Zygmund Kazimir groaned and turned over on his feather mattress, dragging the coverlet with him and clutching it to his chest. He screwed his face up, eyes tightly closed. A moan escaped his lips as he moved his maimed left foot, but he clamped his jaw and ground down on his back teeth. The slops-boy would be here any minute now and he mustn't arouse any suspicions. He had to be up and dressed and ready to attend the court in the forenoon with Lord Szymon Zamoy, his patron. King Amadei III valued punctuality and though Szymon was a nephew, not only closely related, but almost a decade older than his uncle the king, he was still careful to curry favour. His future depended on it – and so did Zygmund's.

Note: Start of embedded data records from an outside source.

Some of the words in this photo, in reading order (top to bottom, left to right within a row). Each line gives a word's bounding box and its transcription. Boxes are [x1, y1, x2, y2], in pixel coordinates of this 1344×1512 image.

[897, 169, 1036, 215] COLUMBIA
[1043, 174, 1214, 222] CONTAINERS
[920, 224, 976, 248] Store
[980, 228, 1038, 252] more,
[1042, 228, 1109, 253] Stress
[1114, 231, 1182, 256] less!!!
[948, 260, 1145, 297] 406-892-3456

Not for much longer, though, if Zygmund's magic had worked as well as he felt it had. And it should have bloody well worked, he'd certainly paid the price. Again. Even knowing how painful it was he would do it again in a heartbeat – except that he was running out of expendable digits. He'd already sacrificed three toes and the little finger of both hands. But he couldn't stop now. He'd worked too hard and too long for this.

He heard the outer door and then the inner, followed the soft pad of the boy's footsteps across the room and the scrape of chamber pot against stone floor as he exchanged clean for used and then the footsteps retreated. His personal servant, Hammett, would be here in five minutes with his breakfast and would notice the weals on his body if he didn't start to dress. Blood and pain. Magic wasn't for the weak. It also wasn't for the careless. He didn't think Hammet suspected anything, but he'd follow the usual precautions soon. He always employed foreigners, men with no family to ask after them, and he never kept his servants for long.

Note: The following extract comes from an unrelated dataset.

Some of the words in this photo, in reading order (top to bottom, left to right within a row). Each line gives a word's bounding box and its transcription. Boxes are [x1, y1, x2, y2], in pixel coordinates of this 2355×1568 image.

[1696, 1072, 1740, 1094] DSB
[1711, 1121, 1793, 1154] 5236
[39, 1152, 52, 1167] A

Just moving his arm to throw back the covers was enough to set his whole body shaking again, but he forced himself to move, to swing his legs over the edge of the bed and sit, rocking like a dimwitted crone. His bladder hurt. He stood and put cautious weight on his poor mutilated foot, bit back a scream and settled for a whimper instead. He'd had to take the fourth toe of his left foot this time and the stump was agony. He sat down again quickly and reached for the stick he'd put close by ready, then concentrating hard to stand up a second time, he took a few faltering steps to use the chamber-pot.

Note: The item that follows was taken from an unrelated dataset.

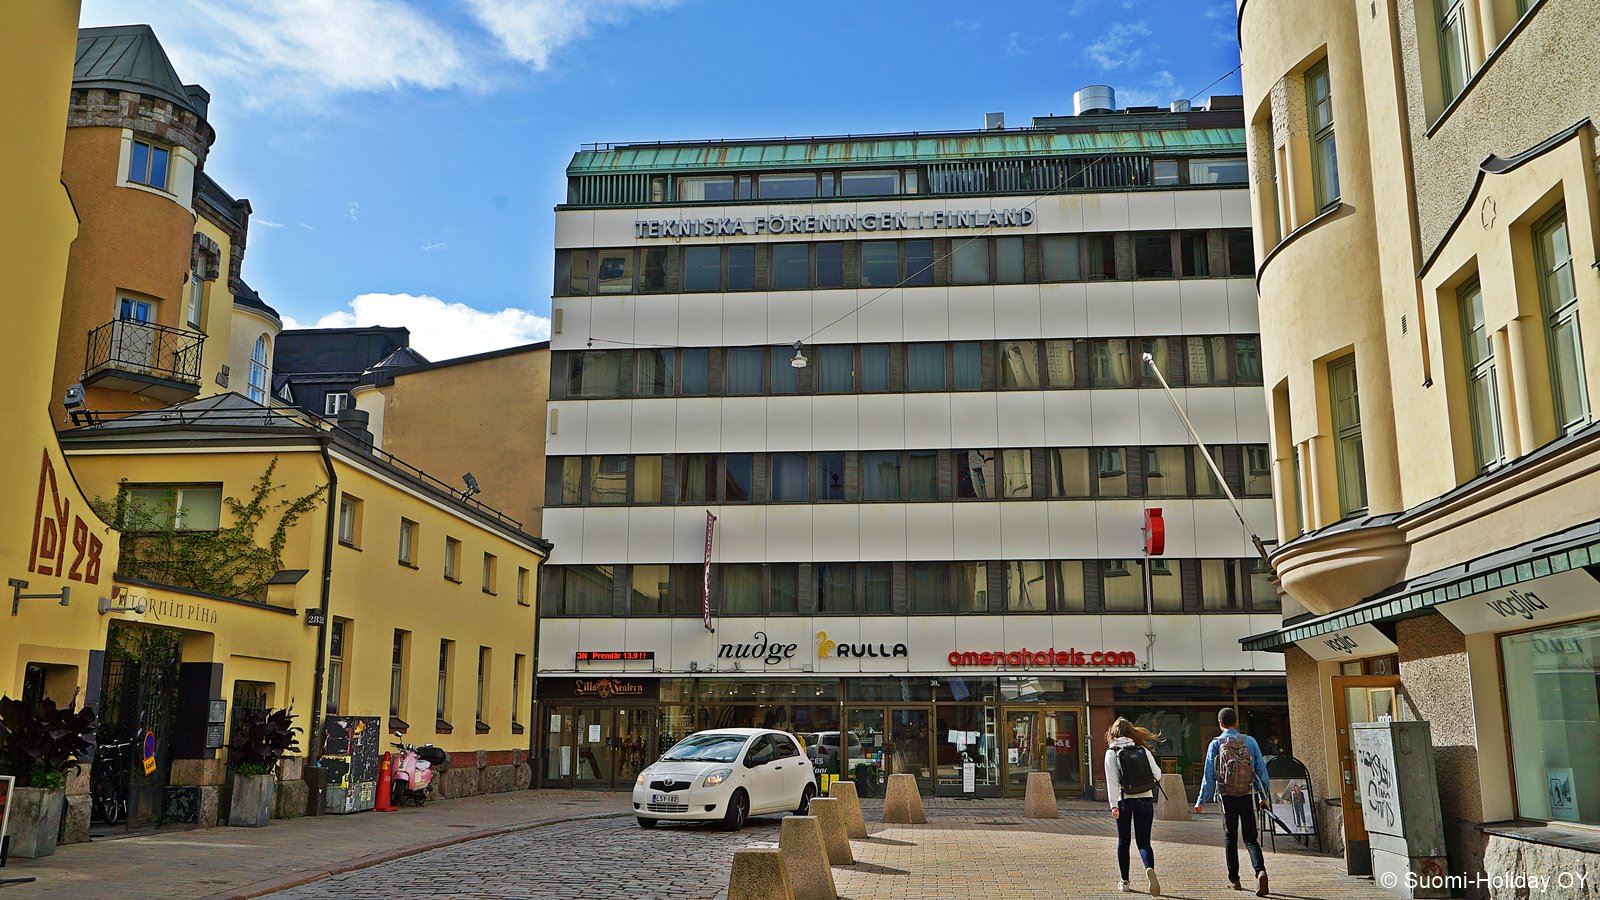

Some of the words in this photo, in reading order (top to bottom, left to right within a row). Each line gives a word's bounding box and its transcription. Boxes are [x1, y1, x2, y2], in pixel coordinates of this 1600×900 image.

God's blood! It was as dark as horse piss and just as pungent. Last night's ritual had taxed him to his limits and his whole body was suffering as a result, not just the lopped toe. He staggered back to the bed and leaned against it for support. Balancing with his weight on his heel, he pulled off both his night shirts. The white linen of the under-shirt was striped with dried blood where the weals had seeped, and some of it had soaked through to the inside of the second shirt, hastily thrown on as a precaution against bloodying his sheets lest he invite speculation from household servants. Worried, he checked the bed, but it wasn't stained. Good. He rolled the nightshirts up tightly and dropped them in the chest at the foot of his bed beside a canvas bag with the pathetic remains of last night's spellworking. Then he pulled on a fresh undershirt, laid out the night before, and let it settle on his sore skin, covering his body to mid-thigh. He'd saved the softest cotton shirt he owned for this morning, but the fibres still rasped like coarse sackcloth against the angry red welts and hardening scabs. He contemplated changing his under-trousers, but the mere thought of pulling any garment over his foot was more than he could bear so tightened the draw-cord around his waist. He'd wear these for another day.

The door opened again and this time Hammett entered with a tray of breakfast consisting of scrambled eggs and his own recipe of fruity flummery, a jug of coffee and a basket of warm rye bread rolls. Zygmund had thought a simple breakfast might be better this morning, but what had seemed like a good idea yesterday now turned his stomach. Maybe he'd try a sip or two of coffee.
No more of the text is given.